Rafa Boladeras

Life of Brian

Monty Python was a surreal comedy trope with a tv show on the BBC in the sixties called: Monty Python’s Flying Circus. After the show ended, they started doing movies, and in their own opinion, Life of Brian was their best one.  It all starts when The Three Wise Men go to worship a kid who’s just been born… and it’s the wrong house. Brian might be Jesus’ neighbor and has been born on the same night at the next stable, but he’s no savior. From there on, the movie has approximately 1,000-jokes-per-minute critiquing all the crazy things that happened in the world 2,000 years ago. There are jokes about everything: from the invading Romans to torture, false worship, how to write Latin correctly, and why stoning was just a men’s activity. Life of Brian also has one of the best endings ever, as all of a sudden, the people being crucified start singing: “Always look on the bright side of life”. A movie as surreal as it is funny, if you haven’t seen it, you’re in luck as seeing it for the first time is magical.
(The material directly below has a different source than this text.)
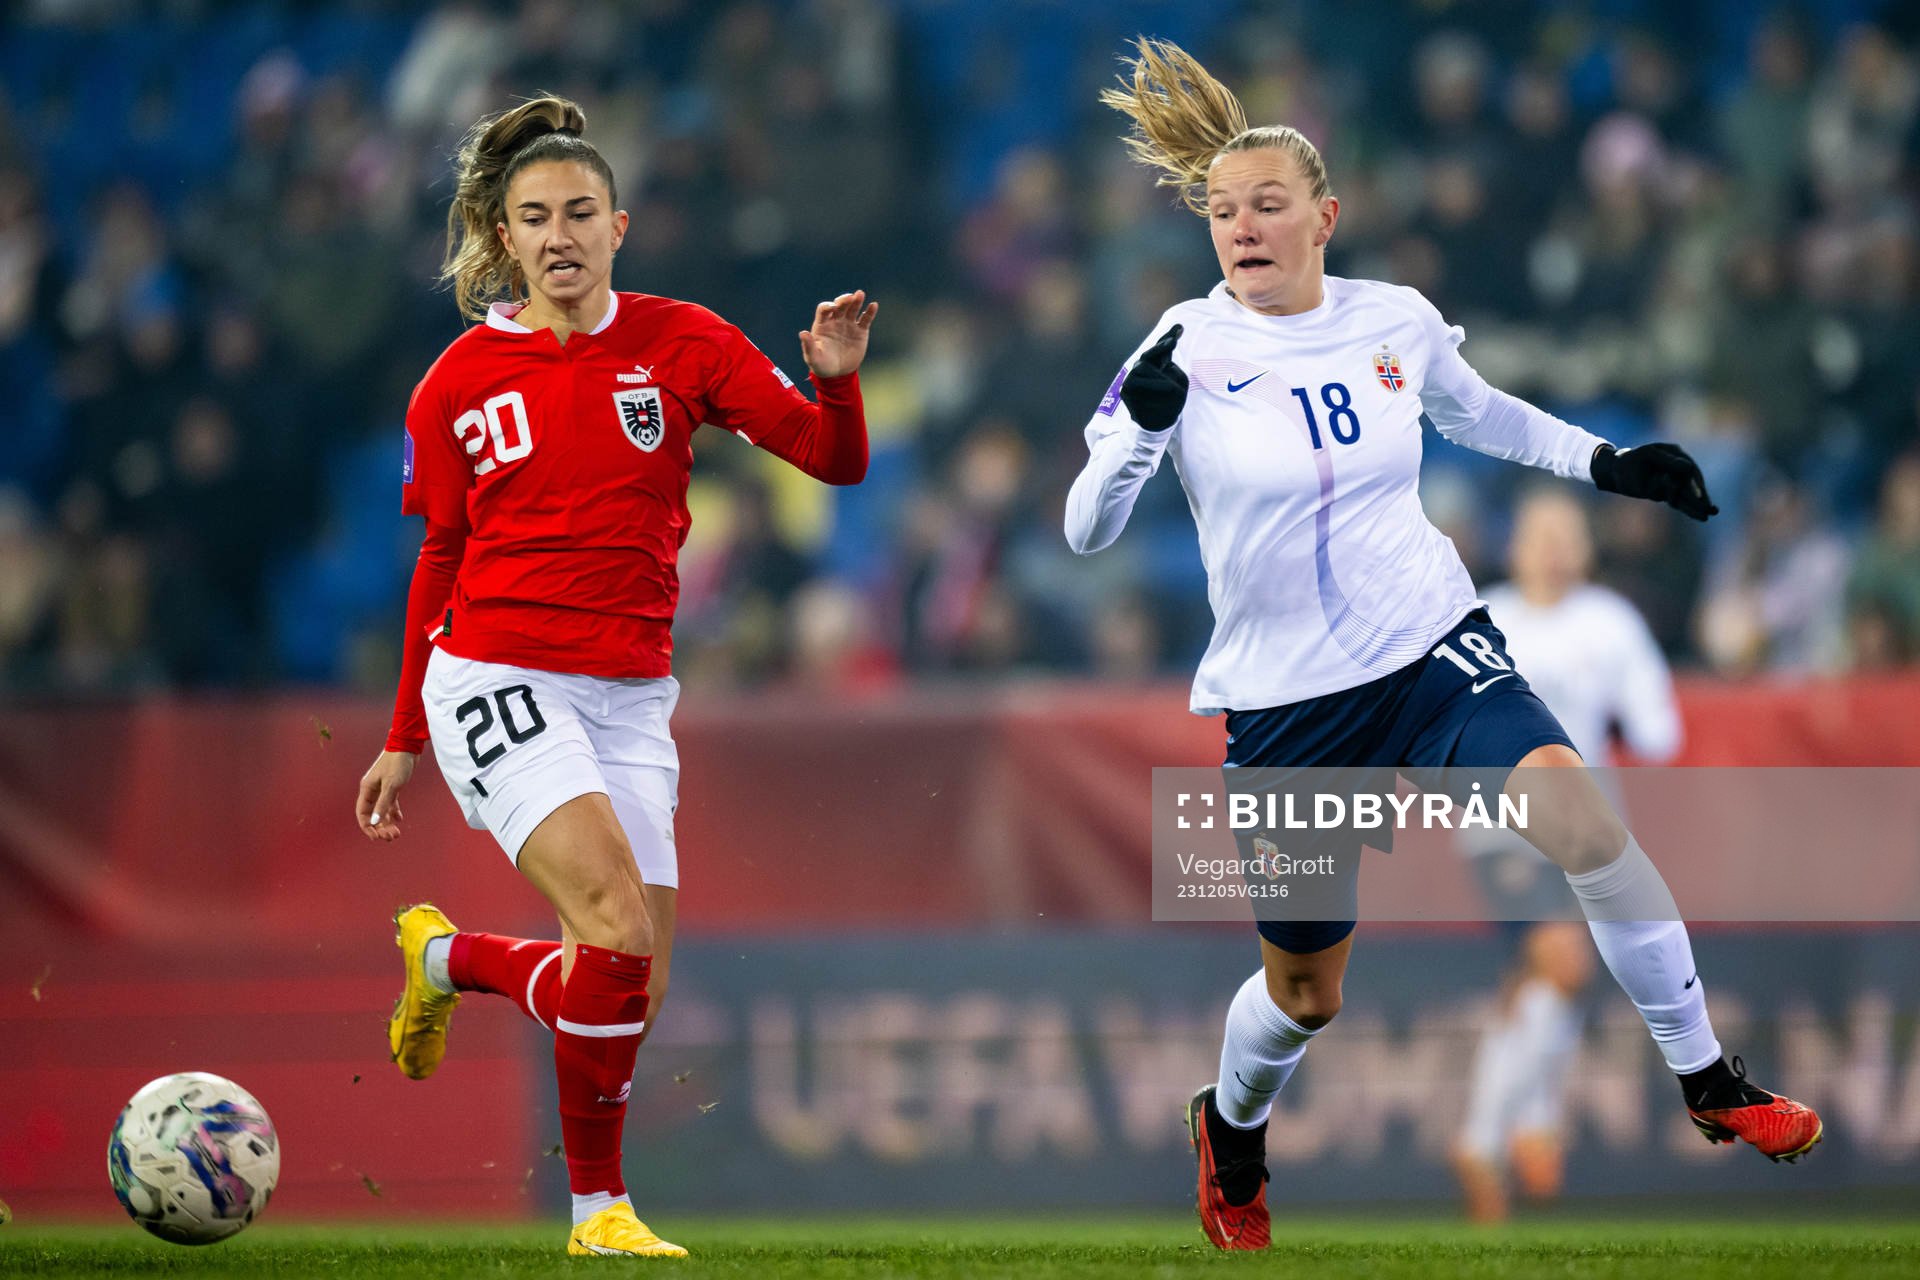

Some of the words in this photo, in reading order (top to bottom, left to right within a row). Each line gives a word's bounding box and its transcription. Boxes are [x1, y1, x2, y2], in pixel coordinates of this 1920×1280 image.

[453, 390, 534, 476] 20
[1290, 382, 1361, 450] 18
[1431, 632, 1512, 678] 18
[455, 684, 548, 769] 20
The first of many.

Clueless

More of a sweet movie that will make you smile, than a laugh-out-loud comedy, Clueless is charming and witty. The film is loosely based on Jane Austen’s Emma and tells the story of Cher Horowitz (Alicia Silverstone), a teenager obsessed with clothes and fashion. Although the film was made in the nineties, it still holds up thanks to how clever and quotable it is. Plus, it also boasts a movie star-creating performance by Alicia Silverstone. The film also has a Paul Rudd appearance, too, which may reveal that he is in fact secretly a vampire, as he looks the same now as he did 30 years ago. Speaking of vampires…

What We Do in the Shadows

What We Do in the Shadows is a fake documentary about a group of vampires sharing a flat in modern-day New Zealand. The characters’ lives might be mundane, as they have a chore wheel, hang out watching tv, and go out to have some fun, but they’re thousands of years old and are looking to suck blood from anyone they can.  The film is largely all deadpan humor and laughs, and turns the magic and terror into everyday routine, which makes for an amusing tone. The characters, their desires, and their lives are simultaneously very serious, while also throwing in quotes like “We’re werewolves, not swear-wolves” (yeah, there are also werewolves in the movie). Written by Flight of the Conchords’ Jemaine Clement and future MCU star director Taika Waititi (they both also star), the film shows their sense of humor perfectly. The idea of a mockumentary with vampires in modern times had so much more meat on the bone that they created the tv show of the same name, with a different set of vampires who live in Long Island, and have become one of the funniest shows on TV. And yet, this film is still one of a kind.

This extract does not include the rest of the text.